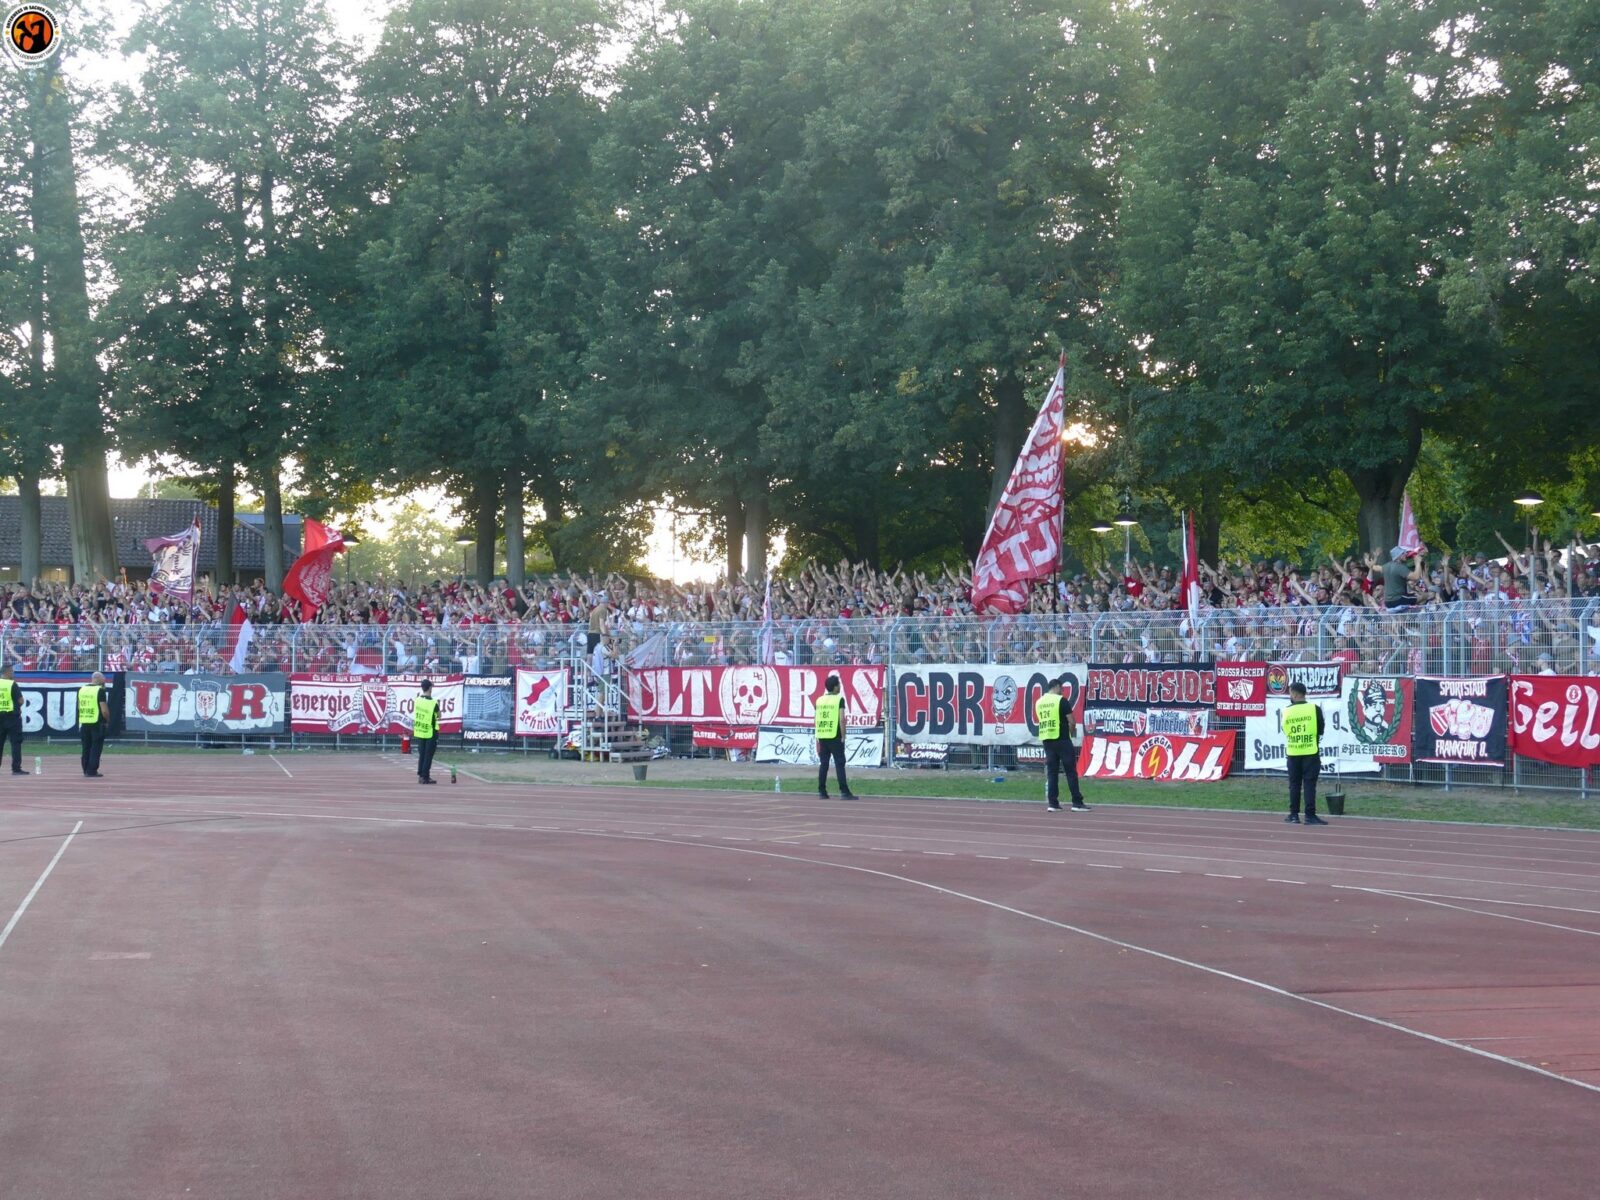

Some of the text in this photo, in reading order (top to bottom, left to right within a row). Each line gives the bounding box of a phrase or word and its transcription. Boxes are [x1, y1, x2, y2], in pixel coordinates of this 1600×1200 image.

[1287, 666, 1340, 688] VERBOTEN
[1087, 669, 1216, 704] FRONTSIDE
[1362, 680, 1392, 689] EGIE
[1440, 681, 1488, 698] SPORTSTADT
[292, 690, 455, 718] energie cous
[898, 672, 985, 737] CBR
[845, 714, 877, 726] ERGIE
[1093, 708, 1138, 722] FINSTERWALDER
[1286, 716, 1312, 724] STEWARD
[1102, 722, 1125, 734] JUNGS
[1291, 724, 1306, 733] 061
[464, 731, 508, 741] HOYERSWERDA
[693, 732, 757, 741] ELSTER FRONT
[1139, 736, 1173, 757] ENERGIE
[1435, 740, 1478, 759] FRANKFURT
[911, 750, 948, 760] COMPANY
----------
== Work request ==
Copy the data word for word, no pictures.

== Solved exercise ==
Some of the text in this photo, in reading order (top to bottom, left to right within a row). Each line gives the bounding box of a phrase or word and its transcription. Boxes are [x1, y1, x2, y2], in pixel coordinates of this 1600×1200 image.

[1287, 666, 1340, 688] VERBOTEN
[1087, 669, 1216, 704] FRONTSIDE
[1362, 680, 1392, 689] EGIE
[1440, 681, 1488, 698] SPORTSTADT
[292, 690, 455, 718] energie cous
[898, 672, 985, 737] CBR
[845, 714, 877, 726] ERGIE
[1093, 708, 1138, 722] FINSTERWALDER
[1286, 716, 1312, 724] STEWARD
[1102, 722, 1125, 734] JUNGS
[1291, 724, 1306, 733] 061
[464, 731, 508, 741] HOYERSWERDA
[693, 732, 757, 741] ELSTER FRONT
[1139, 736, 1173, 757] ENERGIE
[1435, 740, 1478, 759] FRANKFURT
[911, 750, 948, 760] COMPANY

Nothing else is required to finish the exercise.